Task instructions:
For this exercise, copy the data exactly and omit any images.

*** Extracted records ***

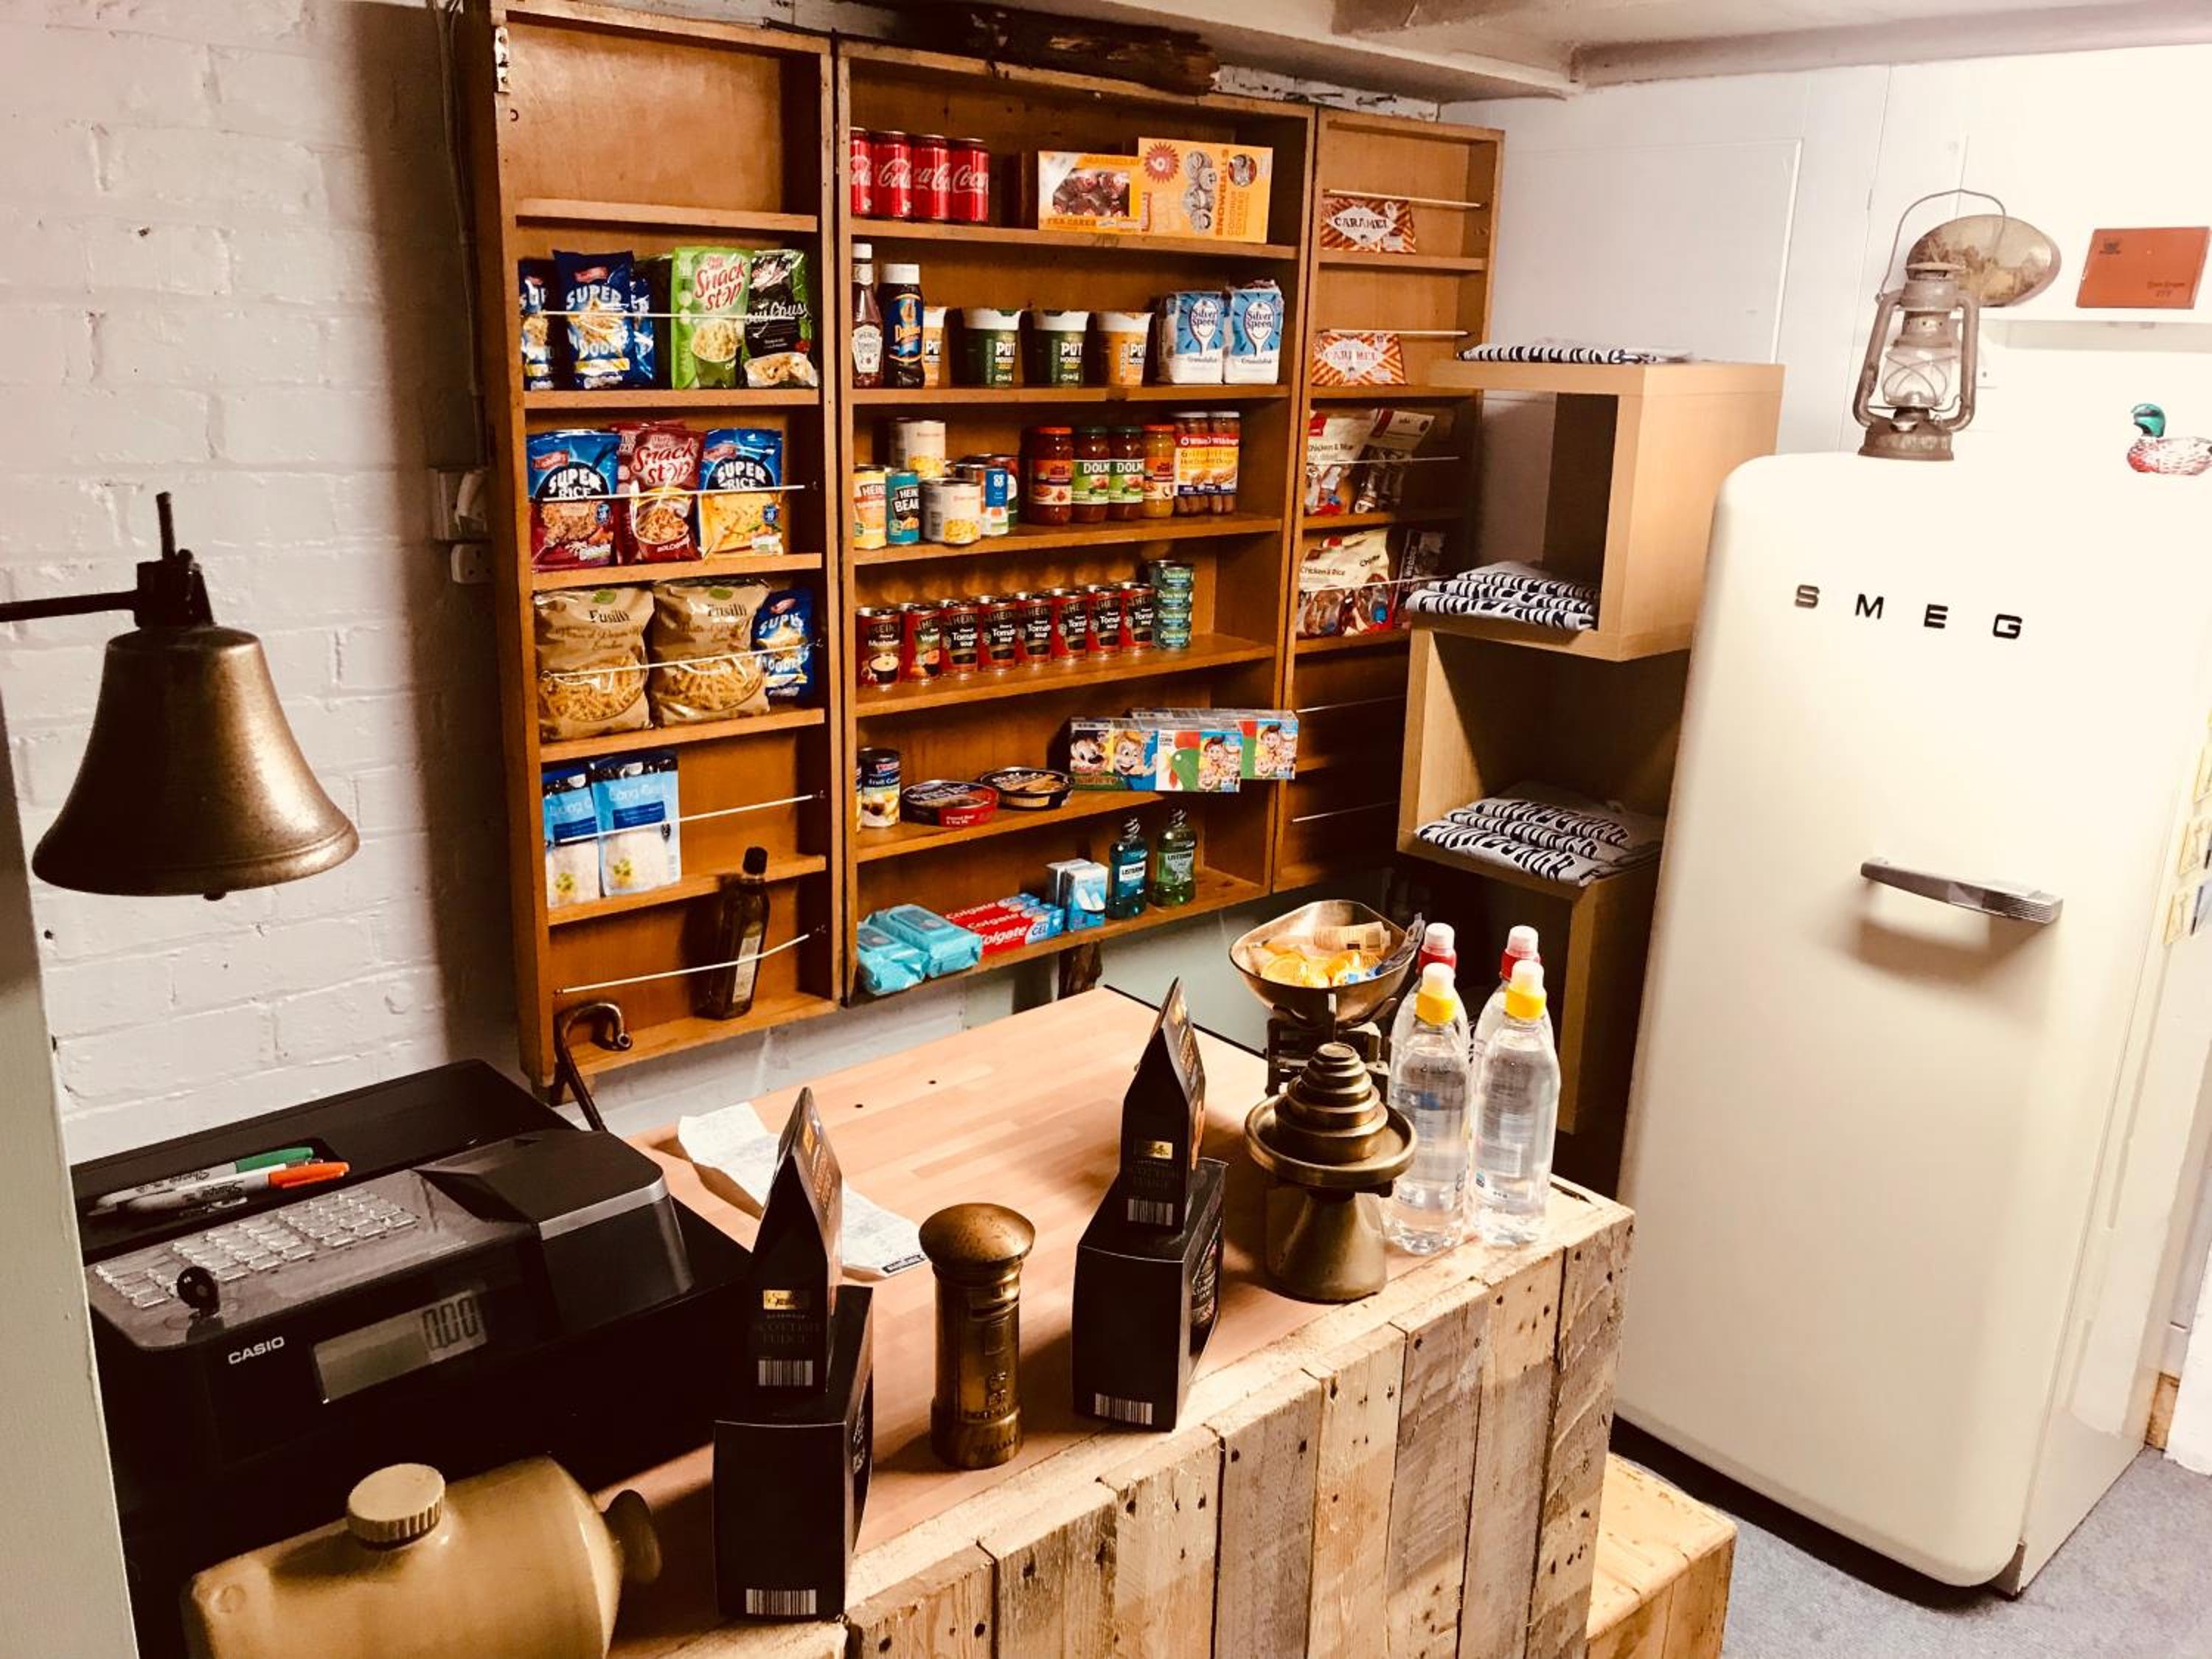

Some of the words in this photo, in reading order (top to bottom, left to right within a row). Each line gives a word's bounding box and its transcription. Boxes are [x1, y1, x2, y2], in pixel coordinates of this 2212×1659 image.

[1216, 148, 1229, 236] SNOWBALLS
[1334, 217, 1389, 229] CARAMEL
[694, 260, 745, 299] Snack
[1192, 310, 1217, 320] Silver
[1246, 310, 1273, 321] Silver
[631, 437, 695, 473] Snack
[549, 467, 602, 495] SUPER
[717, 461, 766, 484] SUPER
[589, 609, 630, 622] Fusilli
[1795, 584, 2023, 640] SMEG
[945, 902, 996, 920] Colgate
[967, 913, 1019, 930] Colgate
[227, 1335, 285, 1365] CASIO

*** End of Extracted records ***

Result of the task:
Some of the words in this photo, in reading order (top to bottom, left to right within a row). Each line gives a word's bounding box and its transcription. Boxes are [x1, y1, x2, y2], in pixel coordinates of this 2212×1659 image.

[1216, 148, 1229, 236] SNOWBALLS
[1334, 217, 1389, 229] CARAMEL
[694, 260, 745, 299] Snack
[1192, 310, 1217, 320] Silver
[1246, 310, 1273, 321] Silver
[631, 437, 695, 473] Snack
[549, 467, 602, 495] SUPER
[717, 461, 766, 484] SUPER
[589, 609, 630, 622] Fusilli
[1795, 584, 2023, 640] SMEG
[945, 902, 996, 920] Colgate
[967, 913, 1019, 930] Colgate
[227, 1335, 285, 1365] CASIO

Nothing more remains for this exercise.